Written by Teo Santaguida, Product Owner at XTN Cognitive Security®
The revised Payment Services Directive (PSD2) is a European directive to regulate payment services and payment services providers. The PSD2 initiative revises the previous PSD directive to create a more integrated European payment market, making payments more secure and protecting customers.
PSD2 represents improvements and new challenges for financial institution departments. The main requirements are:
- Open Banking. Banks are required to share account information with third parties (TPP). The aim is to encourage collaboration and access to the market to banks, fintech, and retailers. This measure should increase the number of digital services in the EU market, boost competition, and simplify access for new innovative services to benefit consumers.
- Strong Customer Authentication is one of the main security-focused improvements. It requires payment service providers to strongly authenticate the customer while accessing payment services. Accepted SCA standards are precisely identified and designed to protect the customer.
NEW CHALLENGES FOR ANTI-FRAUD TEAMS
What actions should anti-fraud teams take to comply with the requirements?
- Verify anti-fraud platforms to meet PSD2 requirements. Anti-fraud capabilities and controls should be based on the user behavior analysis paradigm.

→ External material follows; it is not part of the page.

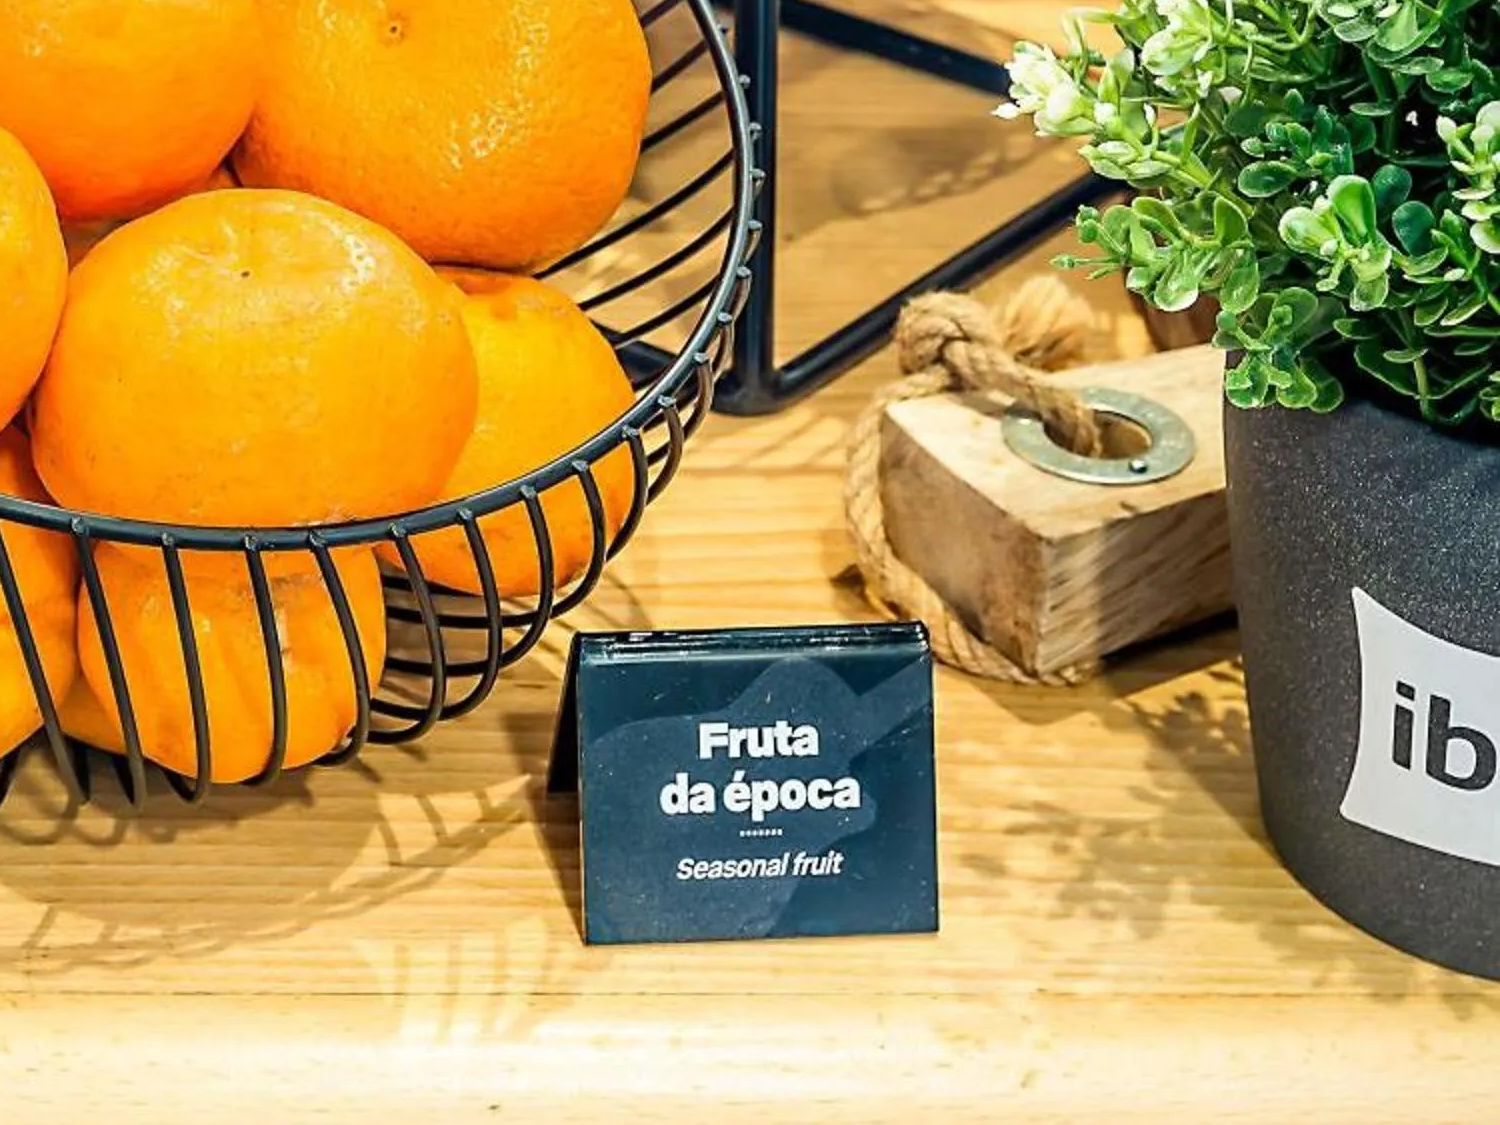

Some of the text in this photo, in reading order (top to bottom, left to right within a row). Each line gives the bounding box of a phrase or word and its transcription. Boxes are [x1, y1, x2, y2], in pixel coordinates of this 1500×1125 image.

[698, 720, 819, 759] Fruta
[1392, 680, 1498, 791] ib
[659, 769, 861, 822] da época
[676, 849, 845, 880] Seasonal fruit

- Extend the anti-fraud analysis to the end-point device to secure SCA processes and prevent compromising strong authentication elements.

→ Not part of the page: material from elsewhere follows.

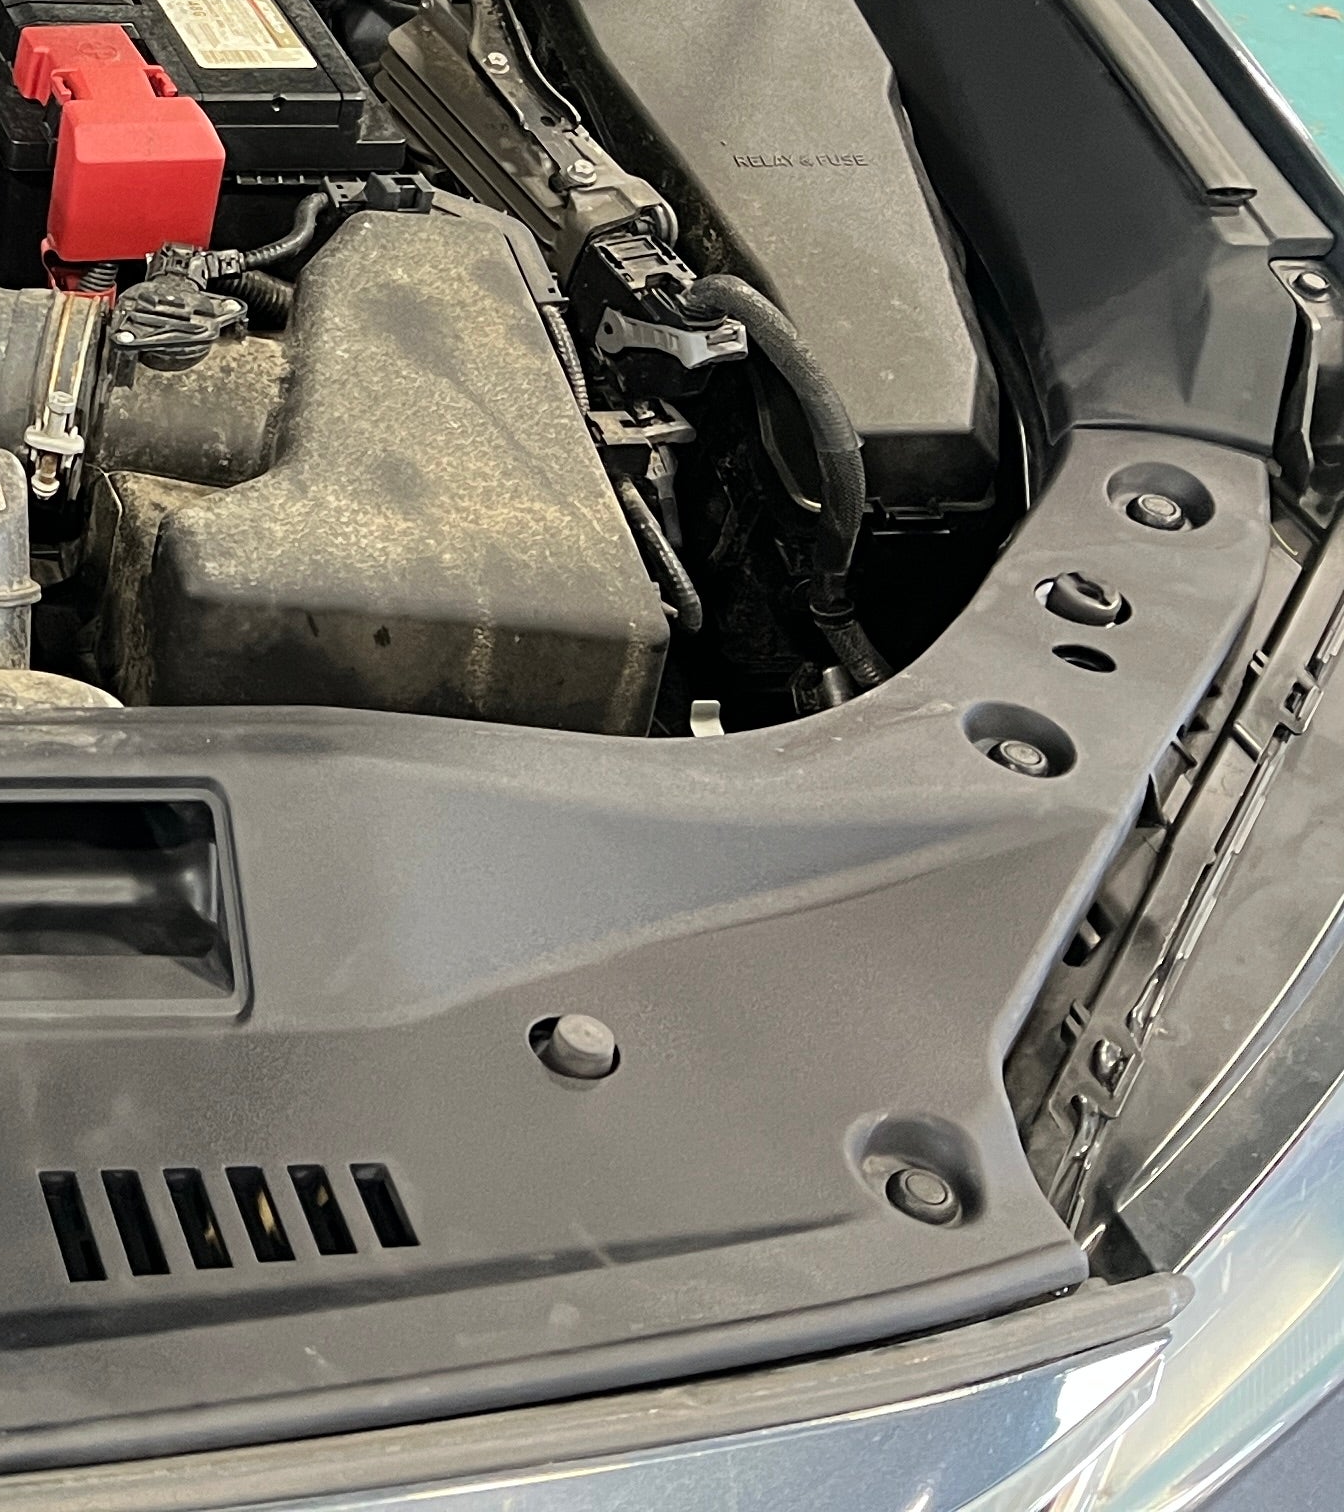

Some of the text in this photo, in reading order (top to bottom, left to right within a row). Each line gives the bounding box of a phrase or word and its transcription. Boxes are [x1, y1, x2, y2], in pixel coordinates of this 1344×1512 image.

- Review the risk management framework considering new risk deriving from the Open Banking paradigm. The anti-fraud platform must also evolve to apply a more restrictive policy if third-party integrations generate more risk.
- Support Strong Customer Authentication and dynamic linking (transaction signing), providing SCA exception capabilities to improve digital payments user experience.
- Collect and track all the information needed to support audits and semestral report required by central authorities.
HOW XTN CAN HELP
XTN helps EU payment services providers comply with the regulation, keeping things easy for them and their customers. The XTN Cognitive Security Platform® provides secure and highly integrated SCA capabilities with a smooth user experience and configurable SCA exception management features. The SCA processes are protected at the end-point level by In-App protection, and analysis results are correlated with a more in-depth user behavior analysis engine. A specific dashboard analysis quickly provides the fraud risk level of third parties. The flexibility in managing the anti-fraud policies offers granular control for the riskiest ones.
The platform also provides real-time fraud analysis. It collects and traces every information needed to generate a semestral report required by the EBA Guidelines for the Fraud Reporting, including geo-localization of payment destinations and fraud categories taxonomy.
XTN Cognitive Security Platform® minimizes the effort needed to address PSD2 requirements providing the best-of-breed and fully integrated fraud management platform to support a secure SCA solution.